Chunk/memory management for CuPy-backed arrays
See original GitHub issueWhat happened: I’m trying to understand what the best approach to chunking is for doing dask operations on CuPy-backed arrays, and whether or not the current behaviour is the expected behaviour or a bug. The calculation below is much slower on the GPU than on the CPU.
To test this you’ll need a GPU and an appropriate installation of CuPy. I am using a GTX 1080TI with 11 GB of memory and CuPy 9.0.0.

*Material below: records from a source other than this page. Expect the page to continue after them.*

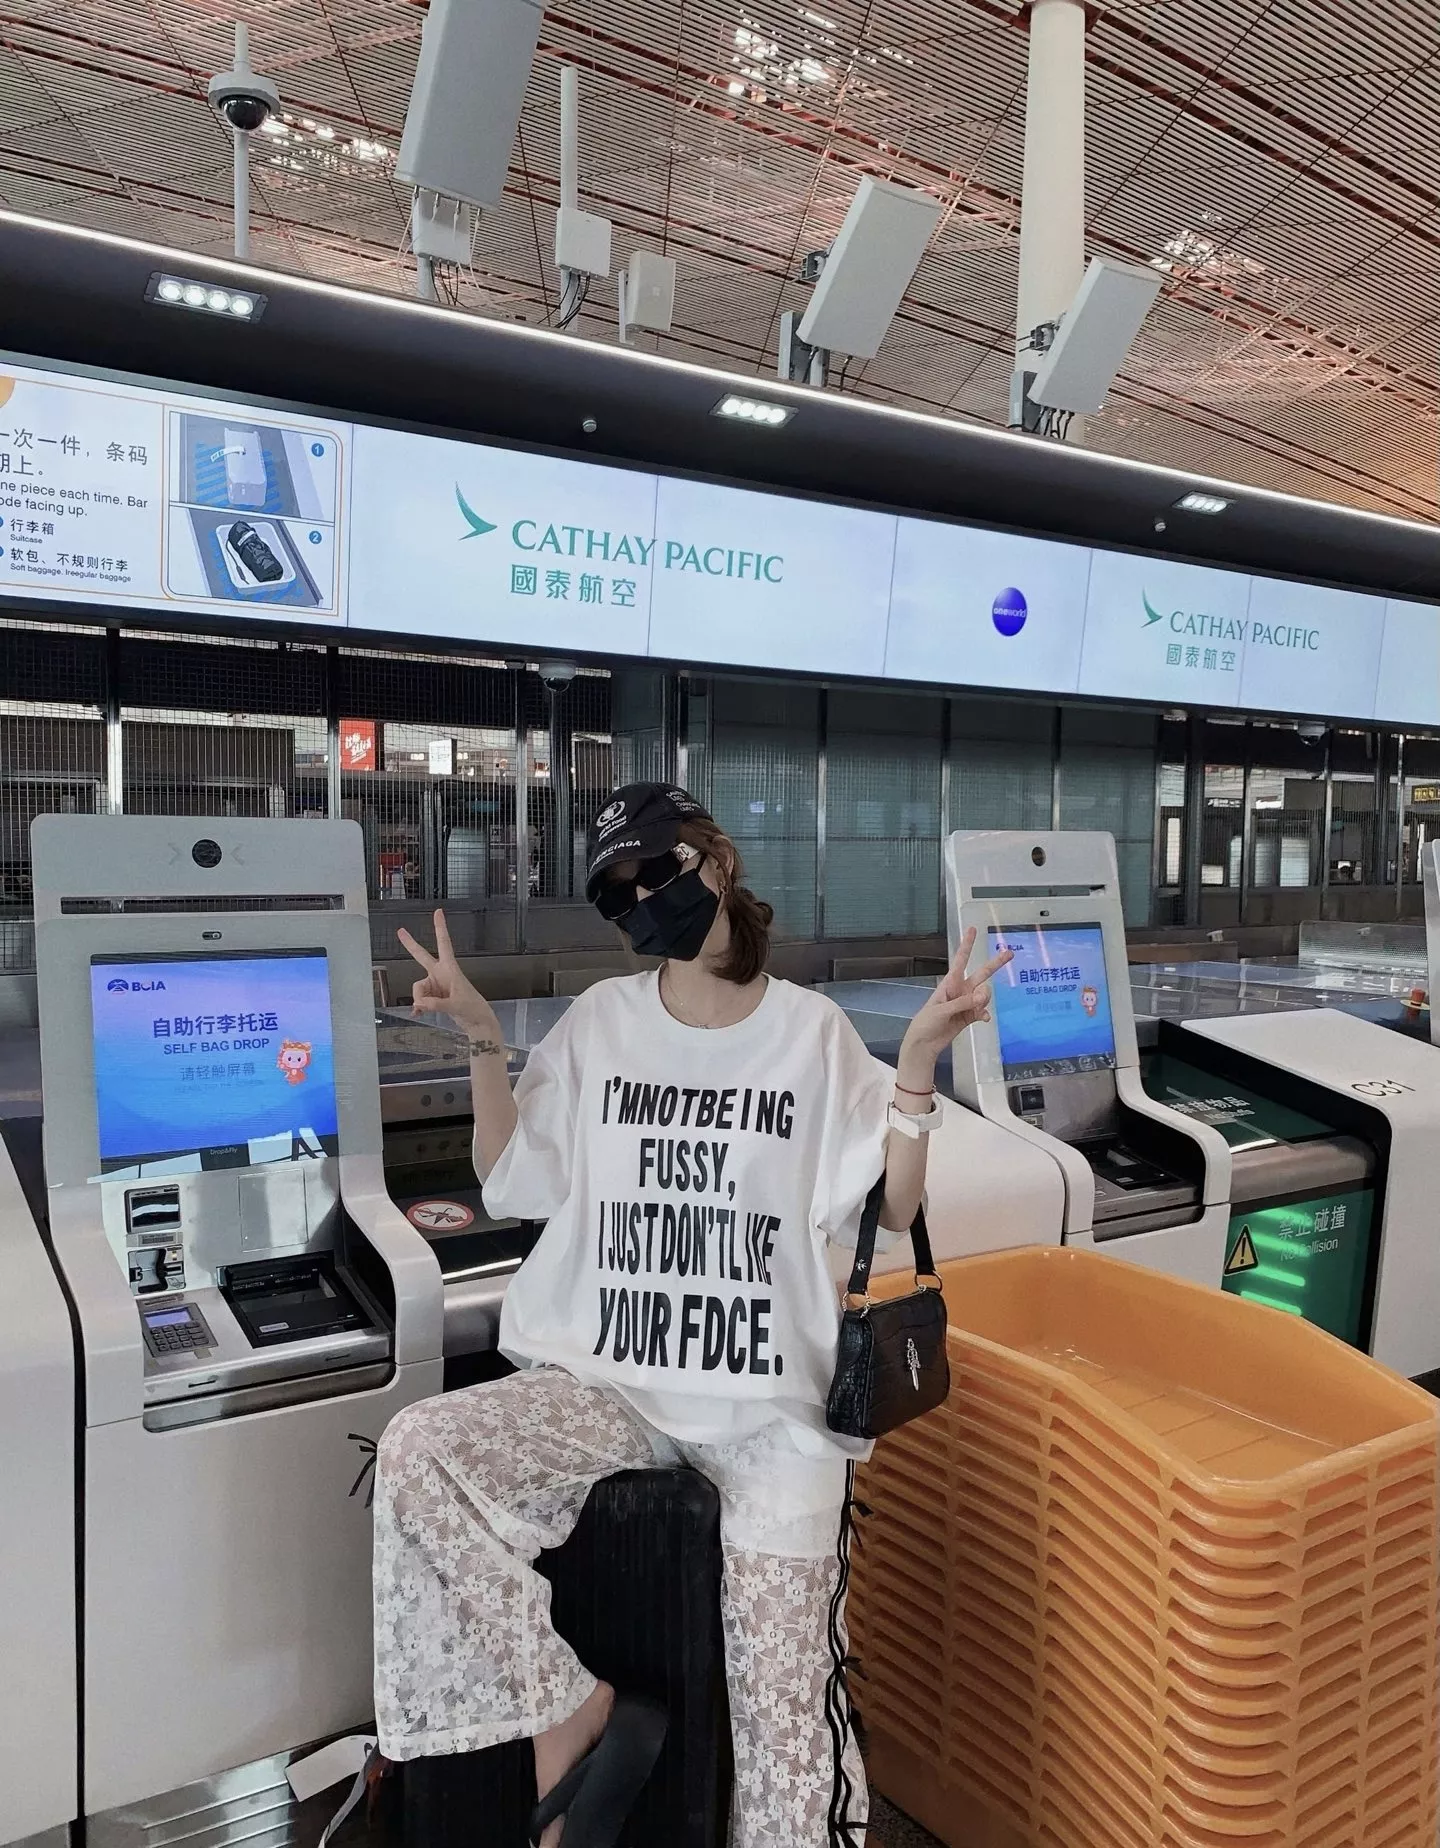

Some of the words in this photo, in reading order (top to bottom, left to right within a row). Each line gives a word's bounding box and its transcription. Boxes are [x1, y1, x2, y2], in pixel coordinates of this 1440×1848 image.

[0, 481, 16, 491] ne
[21, 483, 55, 496] piece
[60, 489, 89, 500] each
[94, 492, 123, 506] time.
[127, 496, 148, 508] Bar
[26, 498, 64, 516] facing
[68, 506, 88, 518] up.
[10, 518, 55, 536] 行李箱
[10, 534, 43, 544] Suitcase
[511, 519, 657, 567] CATHAY
[664, 540, 784, 583] PACIFIC
[510, 564, 637, 608] 國泰航空
[1170, 611, 1248, 641] CATHAY
[1252, 622, 1320, 650] PACIFIC
[1166, 643, 1236, 672] 國泰航空
[1019, 966, 1081, 984] 自助行李托运
[1025, 987, 1042, 995] SELF
[1044, 985, 1058, 994] BAG
[1059, 984, 1078, 993] DROP
[153, 1012, 279, 1038] 自助行李托运
[163, 1043, 197, 1055] SELF
[201, 1041, 229, 1053] BAG
[233, 1038, 269, 1051] DROP
[1351, 1080, 1416, 1096] C31
[639, 1138, 735, 1202] FUSSY,
[1278, 1204, 1347, 1241] 禁止碰撞
[592, 1287, 672, 1368] YOUR

The following is a simple example where I try to use the GPU to sum a larger-than-memory array, with a chunk size of 1 GB:
import cupy as cp
import numpy as np
import dask.array as da
huge_array = da.ones(
(5000, 5000, 200),
chunks=(5000, 5000, 5),
dtype=float)
huge_array.nbytes / 1e9 # 40 GB in size
np.prod(huge_array.chunksize, dtype=float) * huge_array.dtype.itemsize / 1e9 # chunk size of 1 GB
huge_array = huge_array.map_blocks(cp.asarray) # make it a CuPy-backed array
array_sum = da.sum(huge_array)
array_sum.compute()
Upon compute, I get the following warning after a little while:
C:\Users\thomasaar\Miniconda3\envs\gpu2\lib\site-packages\cupy\_creation\from_data.py:66: PerformanceWarning: Using synchronous transfer as pinned memory (1000000000 bytes) could not be allocated. This generally occurs because of insufficient host memory. The original error was: cudaErrorMemoryAllocation: out of memory return _core.array(a, dtype, False, order)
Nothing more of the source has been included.